Our main goal "In Search Of The Perfect Diet" is to live longer, healthier lives. Although we both could afford to lose a few pounds, we're not looking for a temporary "weight loss" program; we take it on faith that if we eat a more perfect diet the weight will take care of itself. We love to eat and cook, but we're not nutrition experts, so we tend to pay close attention to what the experts themselves recommend.
Where The Experts Agree
The Standard American Diet, appropriately called "SAD," is one of the worst ways to eat. SAD is a major contributor to obesity, premature heart disease and diabetes, and also increases the risk of various cancers. Americans tend to eat too much red meat and processed foods, too much sugar, too many bad fats, too many chemicals and preservatives, and not enough fresh whole grains, fruits and vegetables.
Our portions are too large, as well. Eating less is correlated with longer lifespans and less risk of a variety of diseases. Weighing less is generally healthier, although media stereotypes are unrealistically skinny. People come in all shapes and sizes. Hard bodies are nice, but curves are sexy, too!
A Healthier Diet
A newly svelte President Bill Clinton told late night host David Letterman that he has adopted a "plant-based diet" to save his life. Both Letterman and Clinton have had coronary bypass surgery and angioplasty to unclog blocked arteries.
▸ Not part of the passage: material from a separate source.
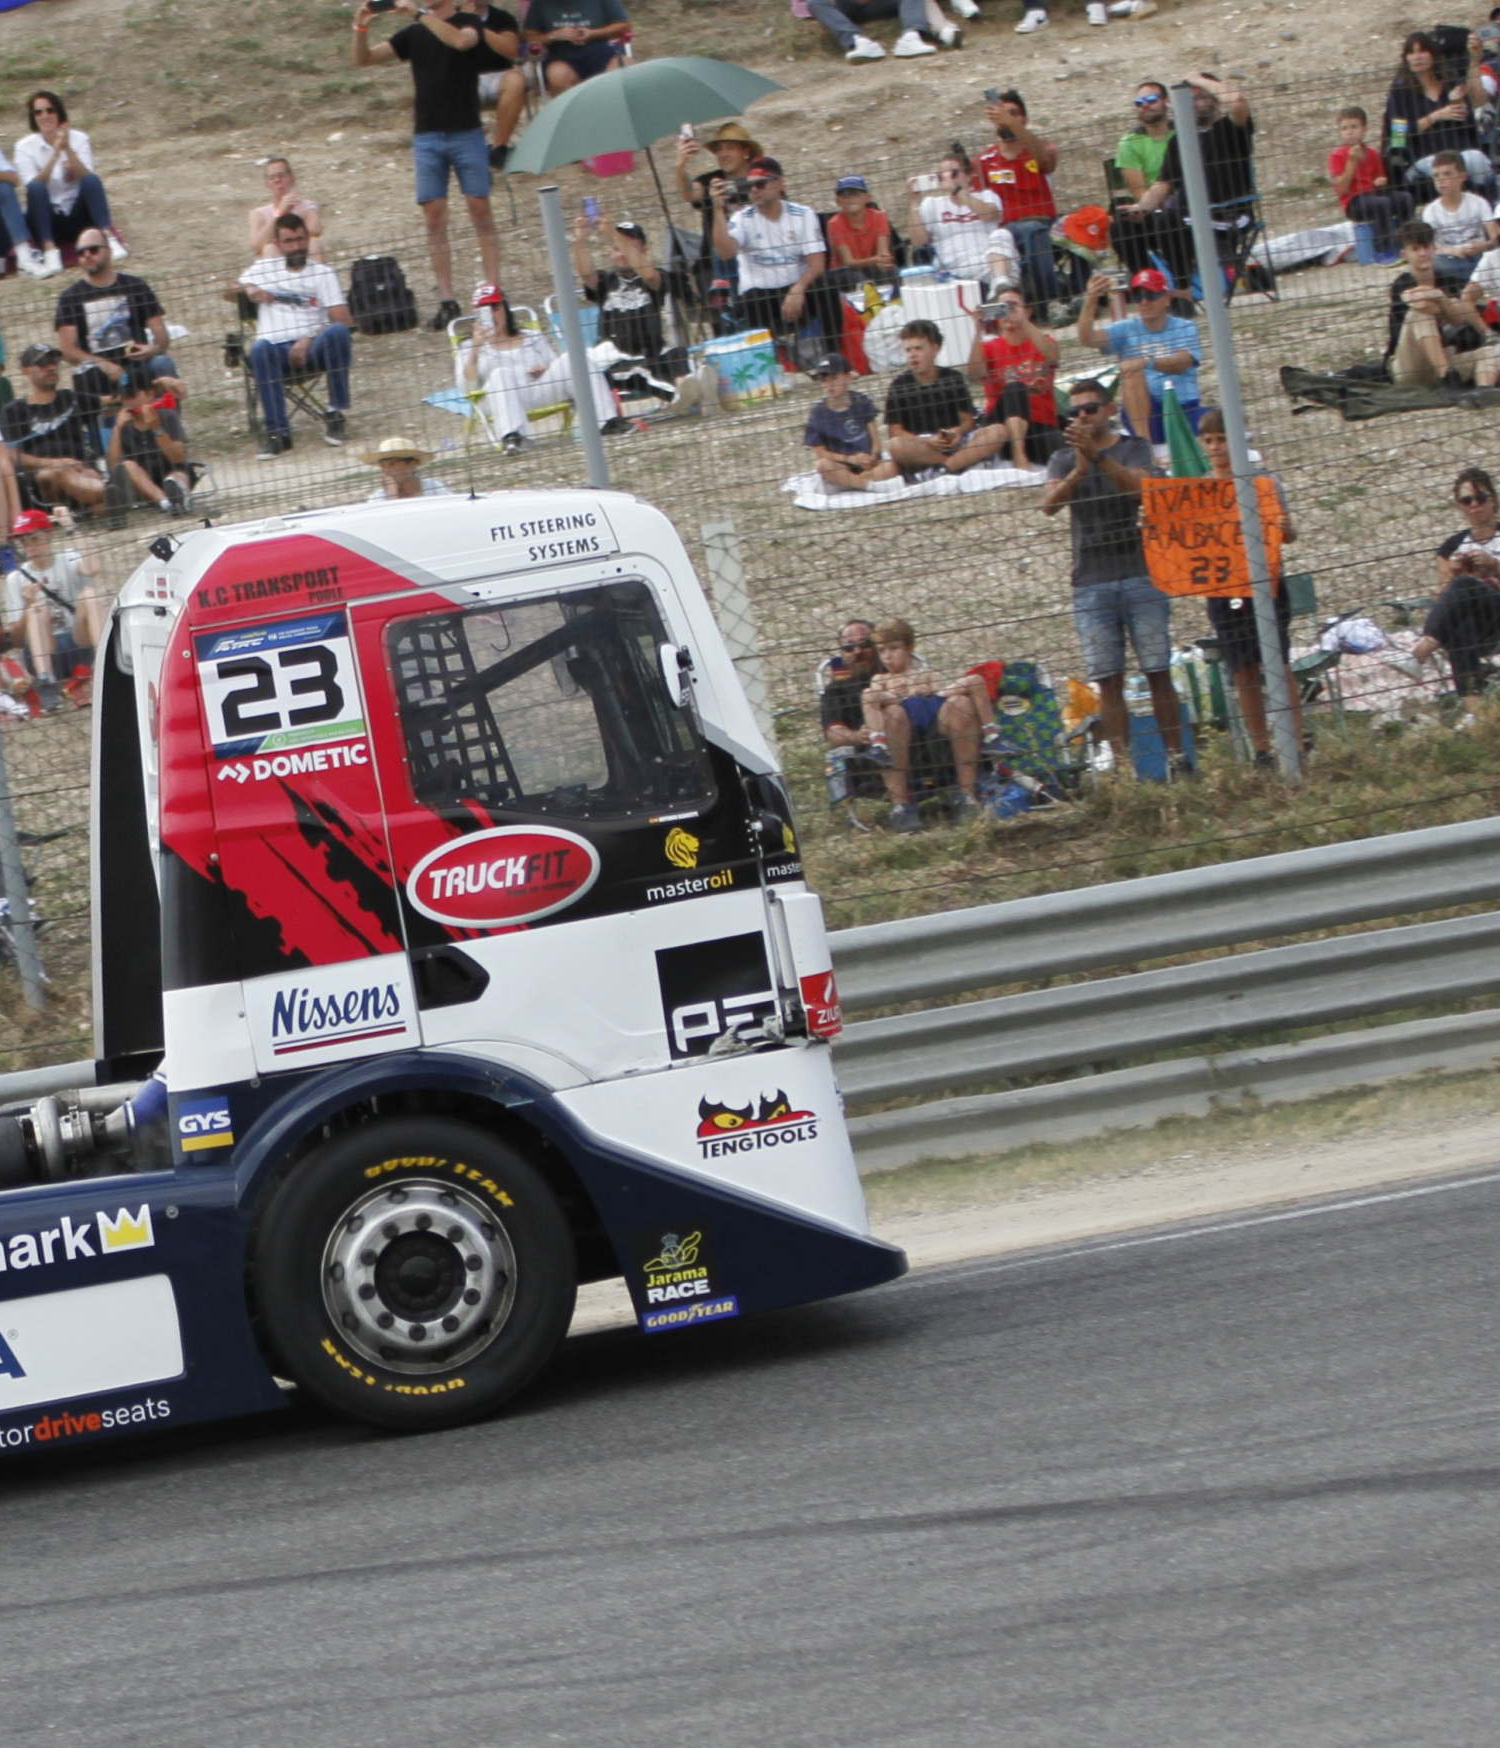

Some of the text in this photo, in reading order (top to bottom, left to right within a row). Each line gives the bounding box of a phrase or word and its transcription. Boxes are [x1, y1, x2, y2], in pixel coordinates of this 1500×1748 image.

In a Huffington Post interview, Clinton said that he is eating a near-vegan menu because he wants to be here to enjoy his future grandchildren. After reading several books on plantbased diets and healthand following daughter Chelsea's leadthe former president has recognized that lifestyle change based on diet and exercise is the only way to truly reverse and prevent heart disease.
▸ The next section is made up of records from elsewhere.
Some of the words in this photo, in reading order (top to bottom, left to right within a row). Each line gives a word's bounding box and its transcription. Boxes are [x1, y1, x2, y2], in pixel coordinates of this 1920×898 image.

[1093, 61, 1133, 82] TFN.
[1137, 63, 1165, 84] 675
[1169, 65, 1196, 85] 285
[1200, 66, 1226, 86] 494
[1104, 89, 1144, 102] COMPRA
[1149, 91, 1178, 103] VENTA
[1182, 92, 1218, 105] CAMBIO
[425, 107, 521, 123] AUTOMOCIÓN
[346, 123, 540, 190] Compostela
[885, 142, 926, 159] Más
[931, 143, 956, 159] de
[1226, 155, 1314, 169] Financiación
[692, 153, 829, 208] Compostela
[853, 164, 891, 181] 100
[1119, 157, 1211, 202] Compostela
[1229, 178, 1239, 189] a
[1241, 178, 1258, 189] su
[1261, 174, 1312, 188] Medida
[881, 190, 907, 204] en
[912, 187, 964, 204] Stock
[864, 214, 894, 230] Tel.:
Clinton was most likely influenced by Bay Area's own Dean Ornish, MD, who conducted the world's first clinical trials showing that dietary changes could reverse arterial plaque buildup and reduce angina in patients with heart disease. Dr. Ornish has been a physician consultant to President Clinton since 1993 and to several members of the U.S. Congress.
Dr. Ornish told OPEN EXCHANGE that his plaque reversal diet is 10% fat, which is very low. People who are not at risk for heart disease can tolerate and may in fact thrive on a higher fat diet, perhaps 15 - 20%. Dr. Ornish's own studies highlight the fact that people are different, so there may be no one ideal diet. We'll return to this idea later.
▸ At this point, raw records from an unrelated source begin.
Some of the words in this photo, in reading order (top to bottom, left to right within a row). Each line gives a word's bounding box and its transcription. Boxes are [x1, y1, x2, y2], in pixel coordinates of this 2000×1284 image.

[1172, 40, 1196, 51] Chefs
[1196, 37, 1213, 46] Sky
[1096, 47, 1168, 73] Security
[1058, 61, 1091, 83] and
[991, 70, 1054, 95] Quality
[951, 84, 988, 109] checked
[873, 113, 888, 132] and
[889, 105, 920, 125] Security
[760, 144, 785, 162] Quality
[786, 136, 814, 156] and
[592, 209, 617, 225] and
Most of us learned what to eat from our parents. So, it makes sense that if we're going to adopt new eating habits we might look to other teachers. Doing just that, Dan Buettner and staff took a map of the world and colored "blue zones" showing areas with a high percentage of centenarians. What do the world's most long-lived people have in common? Limited meat and sugar, lots of fresh veggies, staying physically active, and having a large social network. They identified familiar "blue zones" such as Okinawa and Sardinia, but also some surprises, such as smoggy Loma Linda, California, home to long-lived Seventh Day Adventists. It's all in their book, "The Blue Zones: Lessons for Living Longer From the People Who've Lived the Longest."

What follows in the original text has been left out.